Il dit à son serviteur de lui chercher la chose,
lequel était tout prêt à son commandement ;
1110 il s’en alla et revint sans tarder
avec ce vif-argent, pour dire la vérité,
et porta les trois onces au chanoine,
et celui-ci les étendit bien comme il faut,
et pria le serviteur de lui apporter des charbons,
afin qu’il pût se mettre aussitôt à l’ouvrage.
Aussitôt les charbons lui furent apportés,
et notre chanoine tirant un creuset
de sa poitrine, le montra au prêtre
« Cet instrument, (lui dit-il), que tu vois,
1120 prends-le en ta main et toi-même mets-y
une once de ce vif-argent ; et commence ainsi,
au nom du Christ, à devenir un philosophe.

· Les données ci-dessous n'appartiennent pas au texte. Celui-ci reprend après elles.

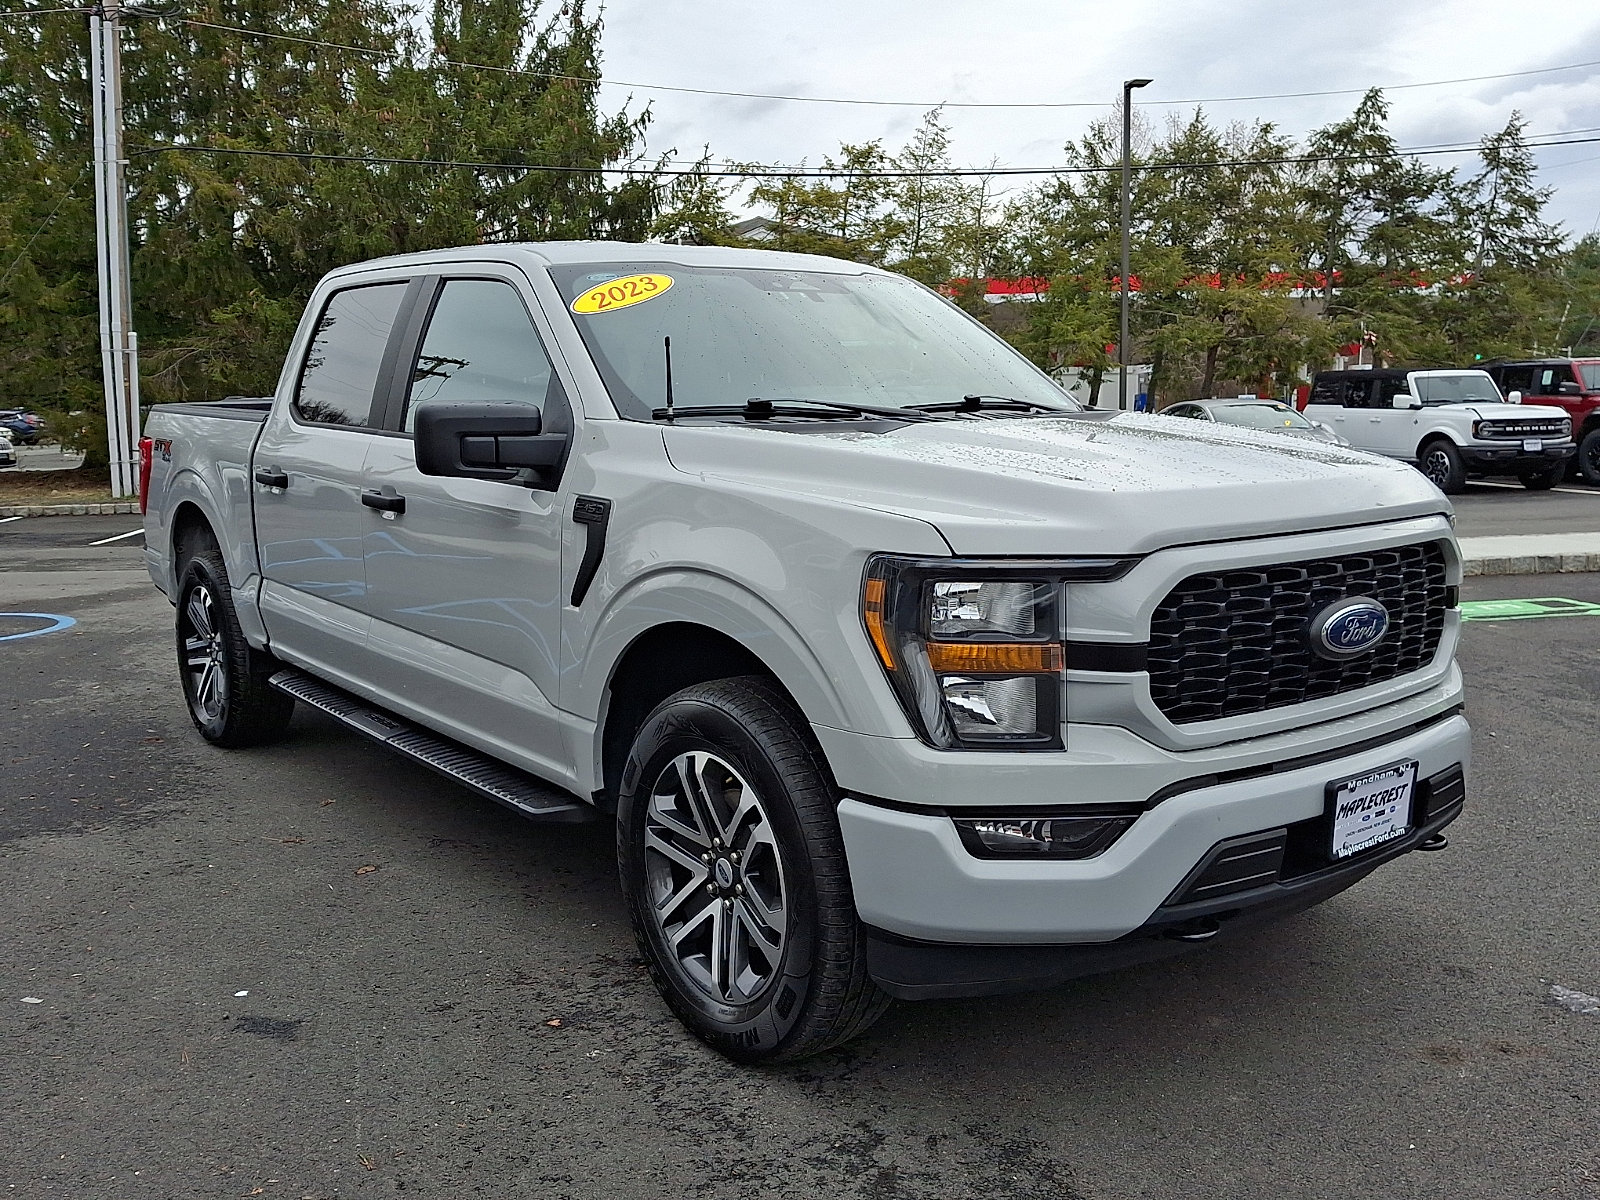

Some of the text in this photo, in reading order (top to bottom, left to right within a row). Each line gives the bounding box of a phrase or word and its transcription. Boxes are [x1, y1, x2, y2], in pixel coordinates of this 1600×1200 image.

Il y en a bien peu à qui je voudrais offrir
de leur montrer autant de ma science.
Car ici vous allez voir par expérience
que je m’en vais mortifier[1] ce vif-argent,
tout de suite à vos yeux sans mentir,
et en faire d’aussi bel et bon argent
qu’il y en a dans ma bourse ou la vôtre,
1130 ou ailleurs, et le rendre malléable ;
sinon, tenez-moi pour faux et indigne
de paraître jamais en compagnie !
J’ai une poudre ici qui m’a coûté fort cher ;
elle fera tout réussir, étant la cause

  1. Mortifier, en langage d’alchimiste, voulait dire : changer la forme d’un corps mixte.